BEGIN Supplied records

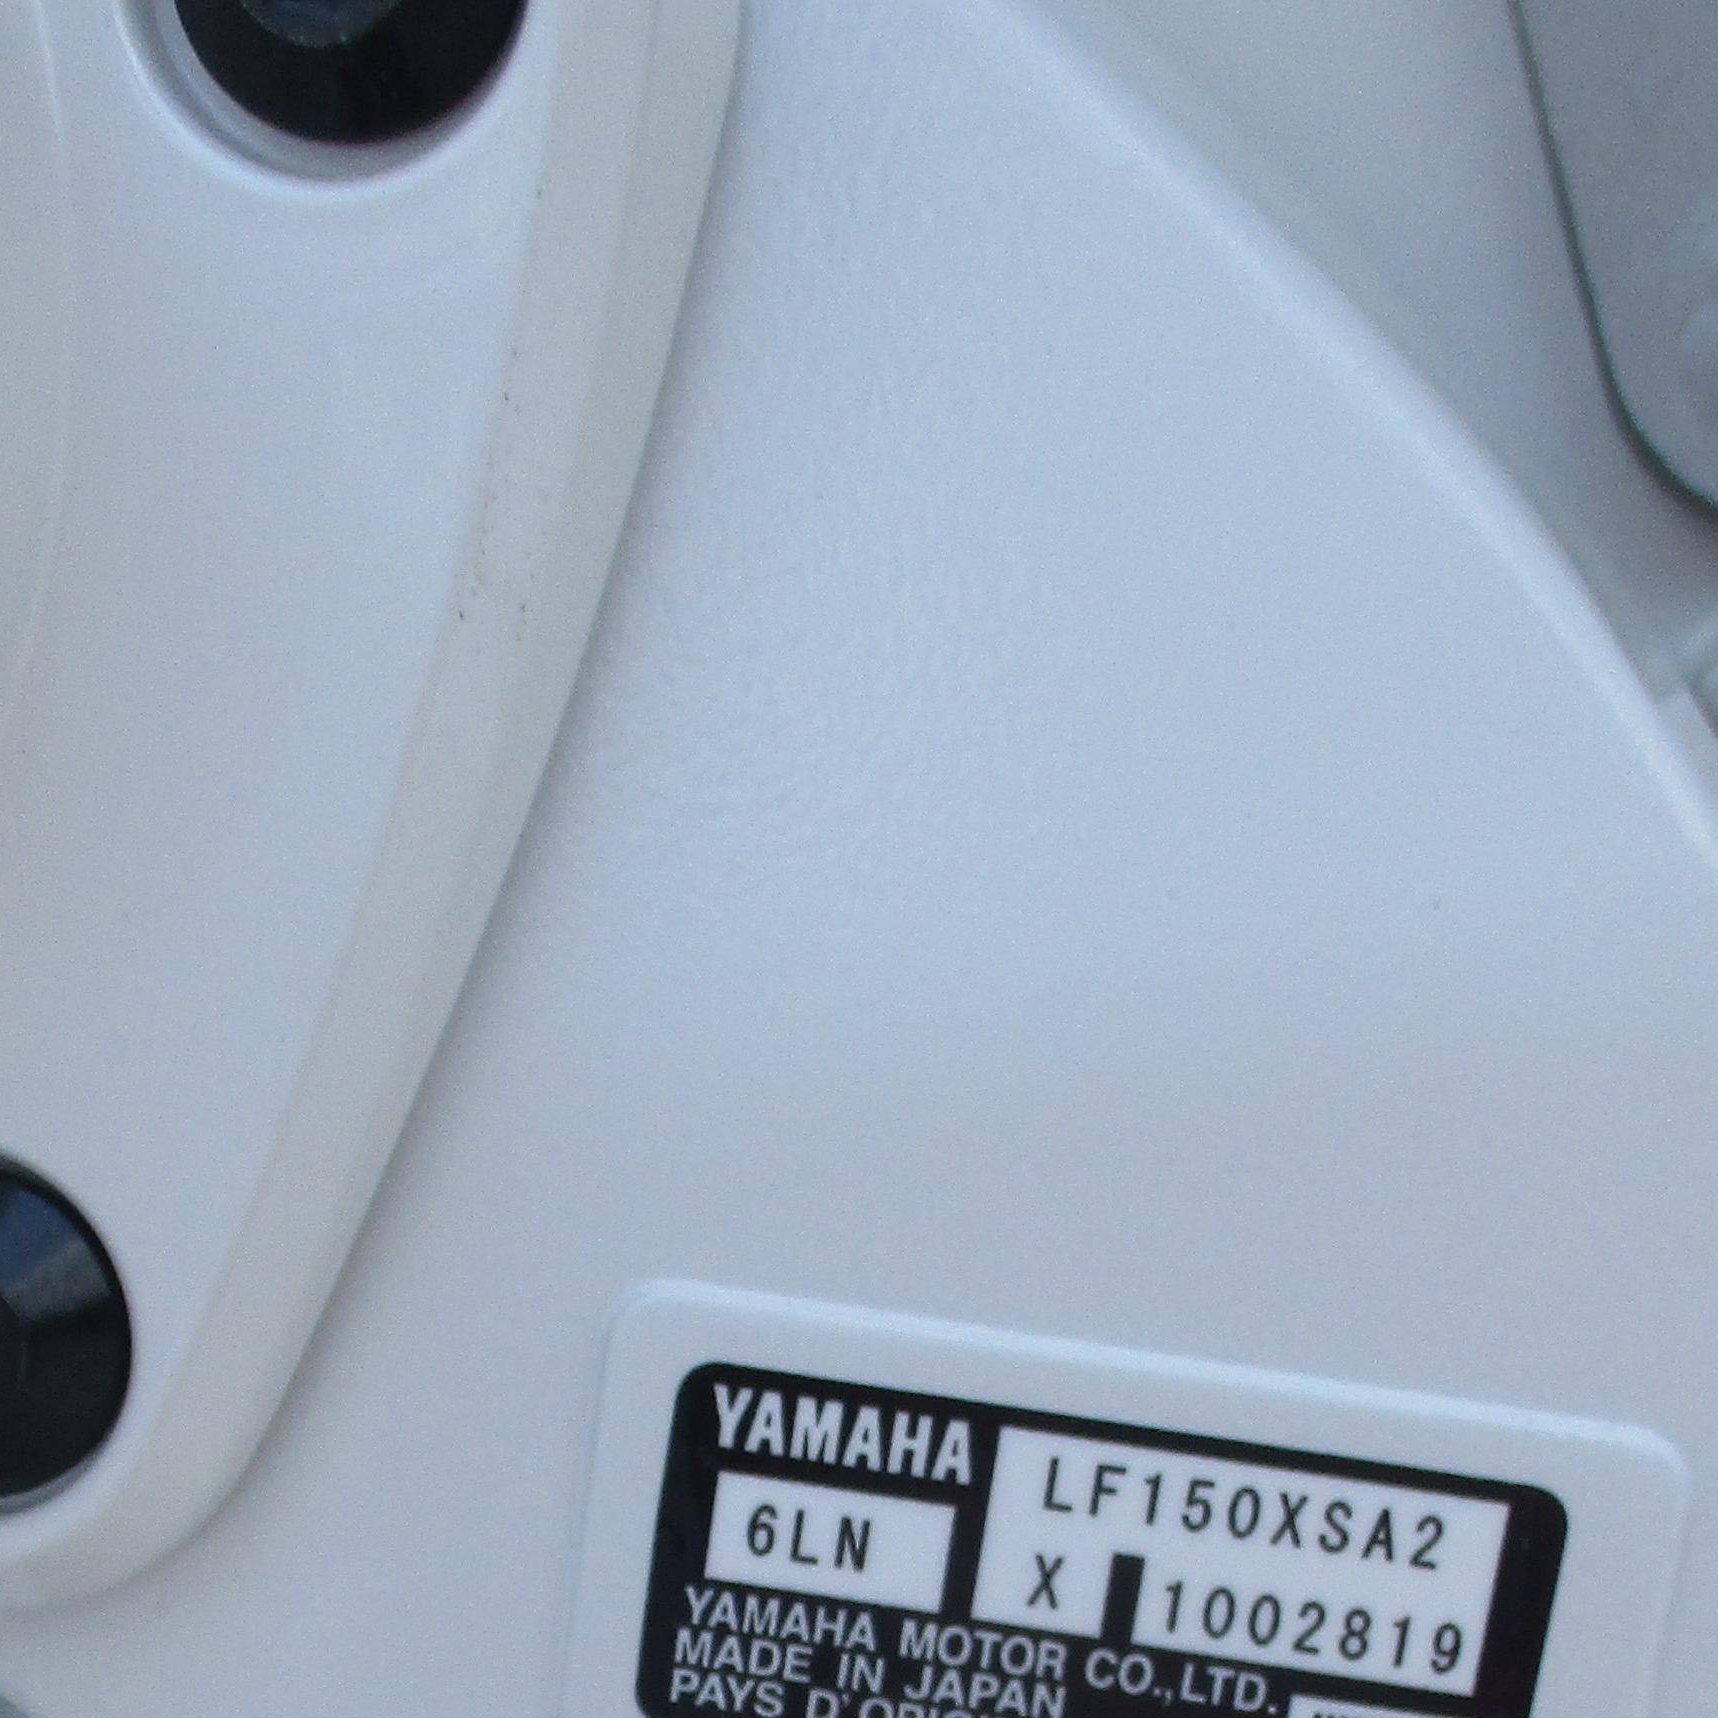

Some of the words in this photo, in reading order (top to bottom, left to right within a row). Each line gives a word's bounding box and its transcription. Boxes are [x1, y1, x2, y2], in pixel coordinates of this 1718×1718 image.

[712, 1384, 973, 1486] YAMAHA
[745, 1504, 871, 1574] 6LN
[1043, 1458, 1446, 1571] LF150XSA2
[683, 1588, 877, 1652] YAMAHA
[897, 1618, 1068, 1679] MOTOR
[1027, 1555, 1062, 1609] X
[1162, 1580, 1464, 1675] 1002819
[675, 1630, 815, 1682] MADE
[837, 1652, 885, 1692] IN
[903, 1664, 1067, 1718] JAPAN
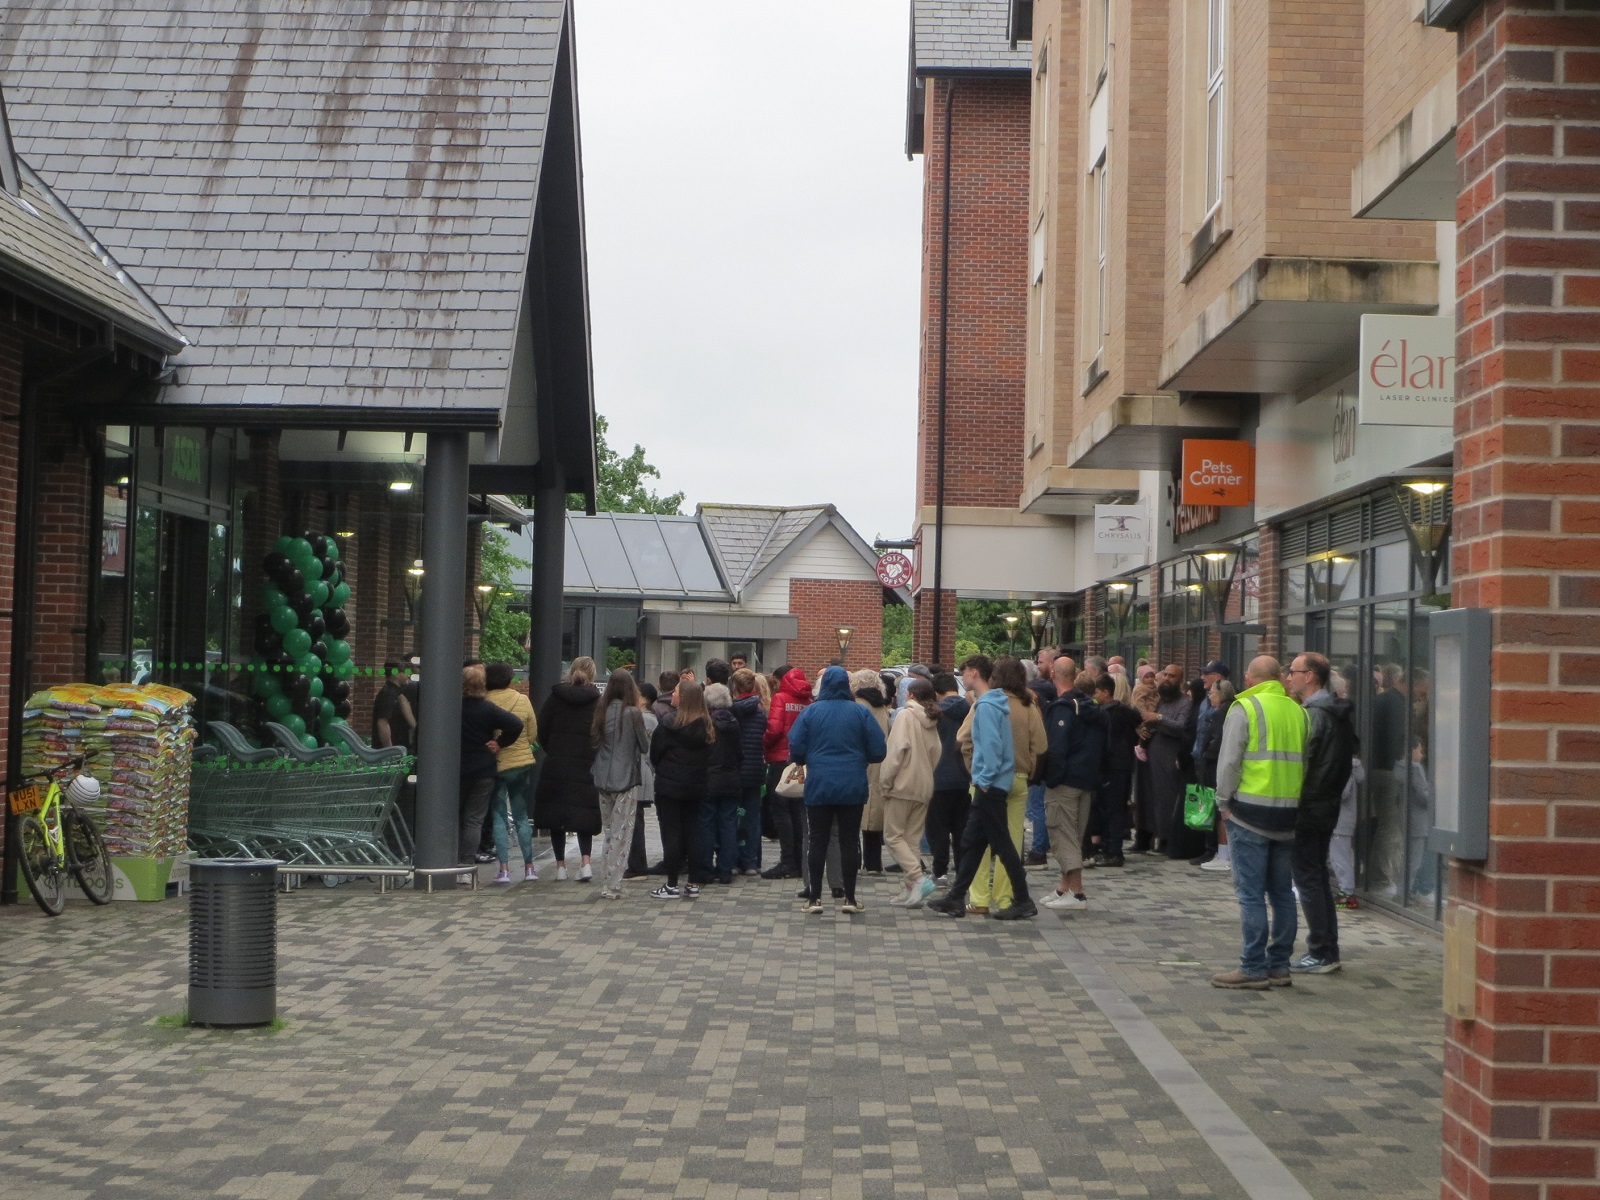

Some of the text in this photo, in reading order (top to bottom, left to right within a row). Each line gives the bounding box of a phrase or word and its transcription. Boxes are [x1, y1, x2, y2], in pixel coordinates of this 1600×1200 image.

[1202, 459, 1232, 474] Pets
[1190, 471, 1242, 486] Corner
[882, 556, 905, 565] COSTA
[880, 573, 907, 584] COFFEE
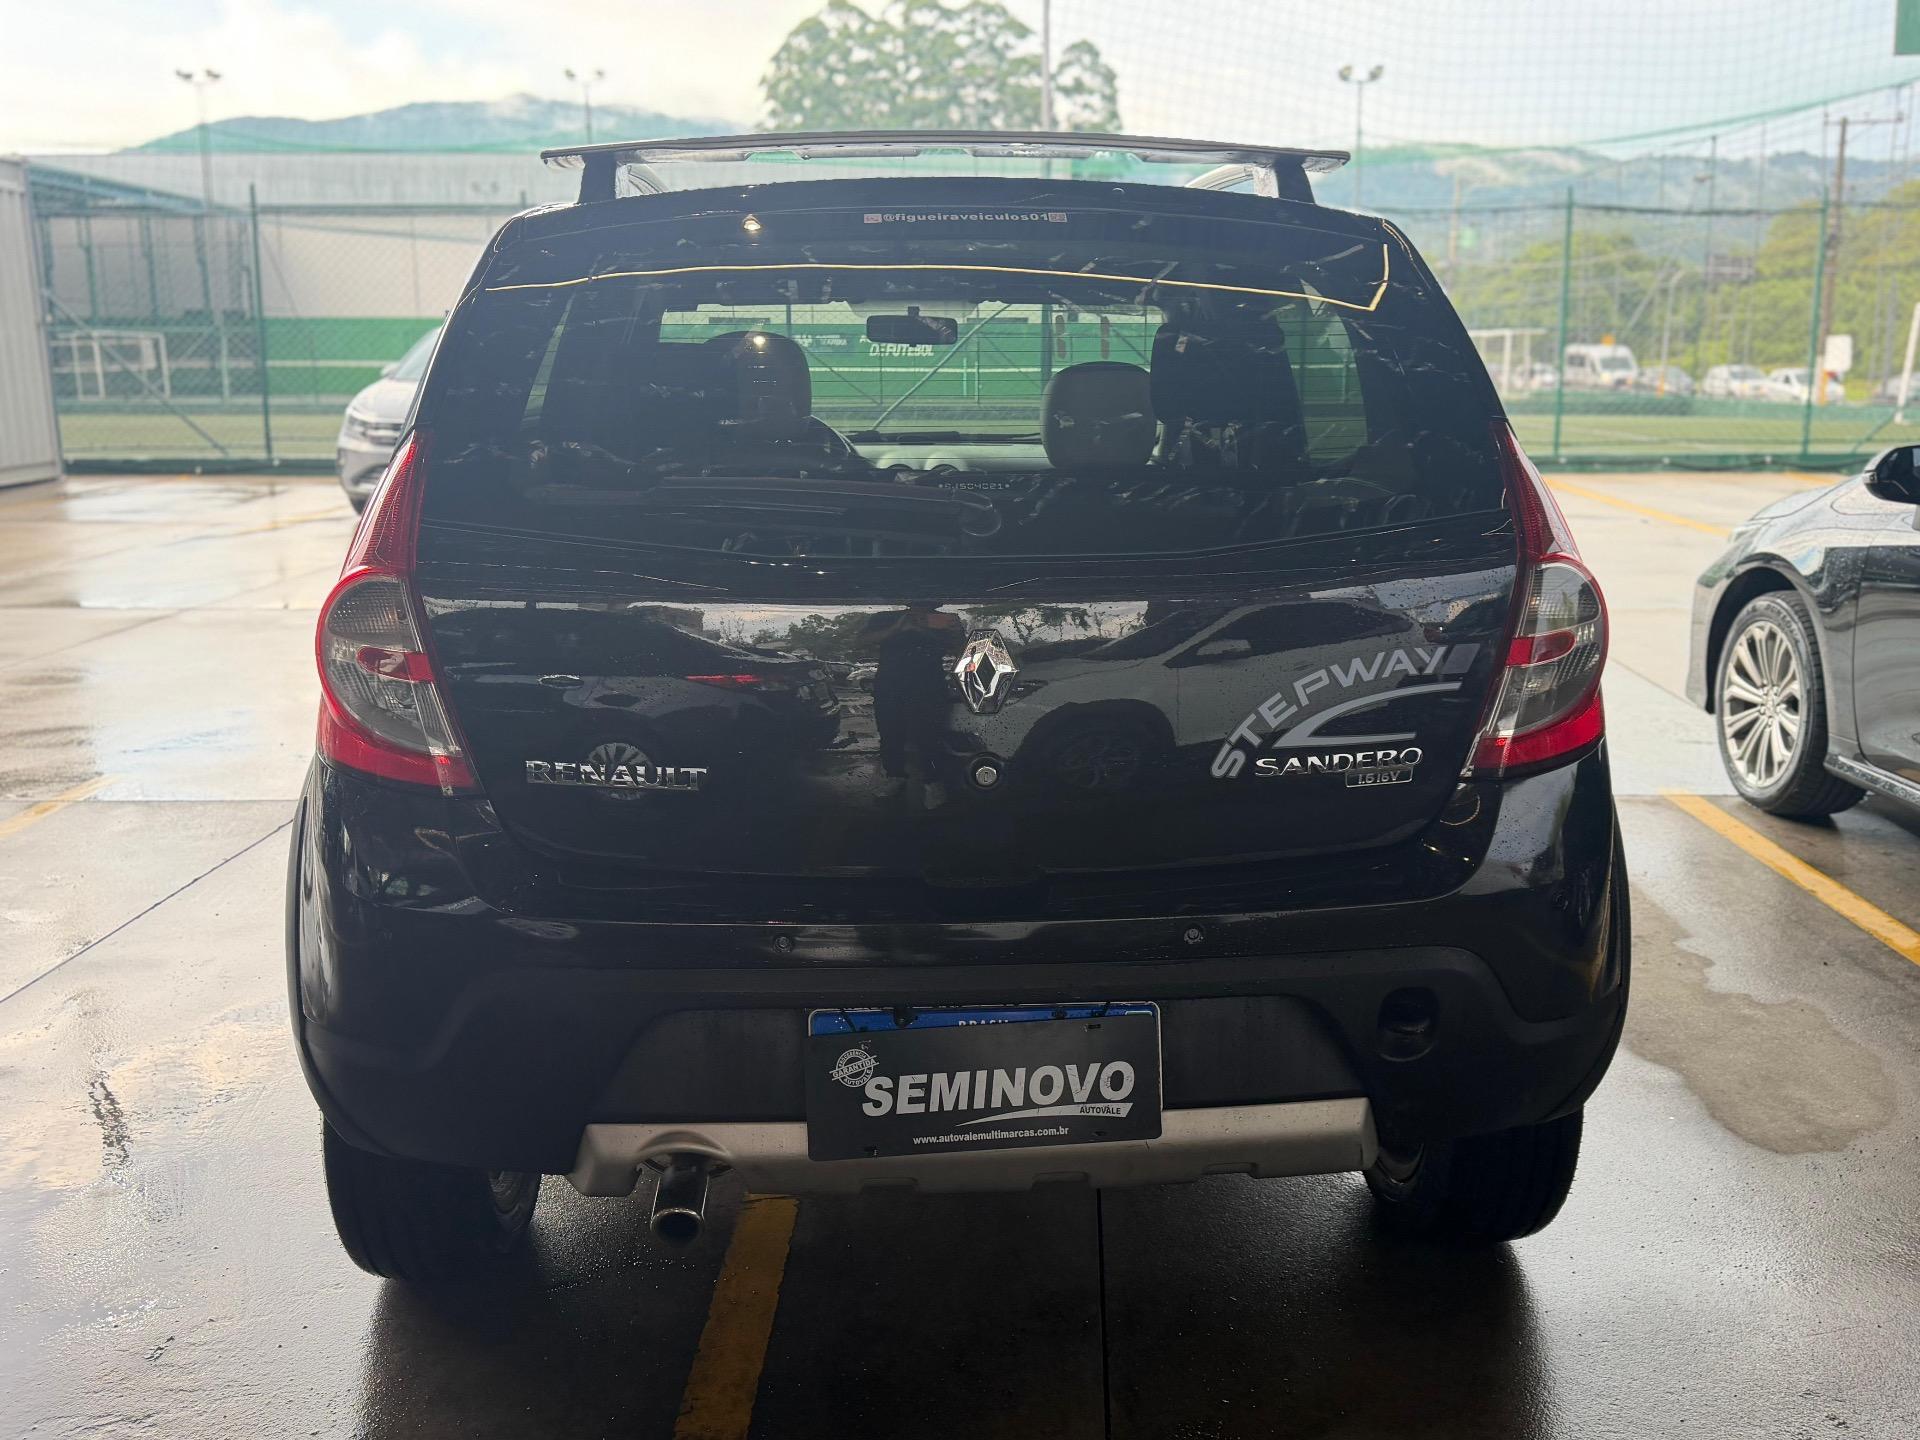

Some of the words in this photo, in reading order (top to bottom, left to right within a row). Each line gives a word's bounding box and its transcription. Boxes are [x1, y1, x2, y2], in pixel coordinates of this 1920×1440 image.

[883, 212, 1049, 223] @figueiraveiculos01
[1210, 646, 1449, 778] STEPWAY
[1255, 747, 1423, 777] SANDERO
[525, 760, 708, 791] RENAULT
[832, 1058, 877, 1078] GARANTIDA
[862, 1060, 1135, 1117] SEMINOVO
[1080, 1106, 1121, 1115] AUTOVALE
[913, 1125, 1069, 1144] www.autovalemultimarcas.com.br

END Supplied records

• Exercise instructions:
Make an exact copy of only those lines that run from the line with "Some of the text" through the end of the records, excluding pictures.

• Written answer:
Some of the text in this photo, in reading order (top to bottom, left to right within a row). Each line gives the bounding box of a phrase or word and its transcription. Boxes are [x1, y1, x2, y2], in pixel coordinates of this 1600×1200 image.

[1202, 459, 1232, 474] Pets
[1190, 471, 1242, 486] Corner
[882, 556, 905, 565] COSTA
[880, 573, 907, 584] COFFEE

Some of the words in this photo, in reading order (top to bottom, left to right within a row). Each line gives a word's bounding box and its transcription. Boxes are [x1, y1, x2, y2], in pixel coordinates of this 1920×1440 image.

[883, 212, 1049, 223] @figueiraveiculos01
[1210, 646, 1449, 778] STEPWAY
[1255, 747, 1423, 777] SANDERO
[525, 760, 708, 791] RENAULT
[832, 1058, 877, 1078] GARANTIDA
[862, 1060, 1135, 1117] SEMINOVO
[1080, 1106, 1121, 1115] AUTOVALE
[913, 1125, 1069, 1144] www.autovalemultimarcas.com.br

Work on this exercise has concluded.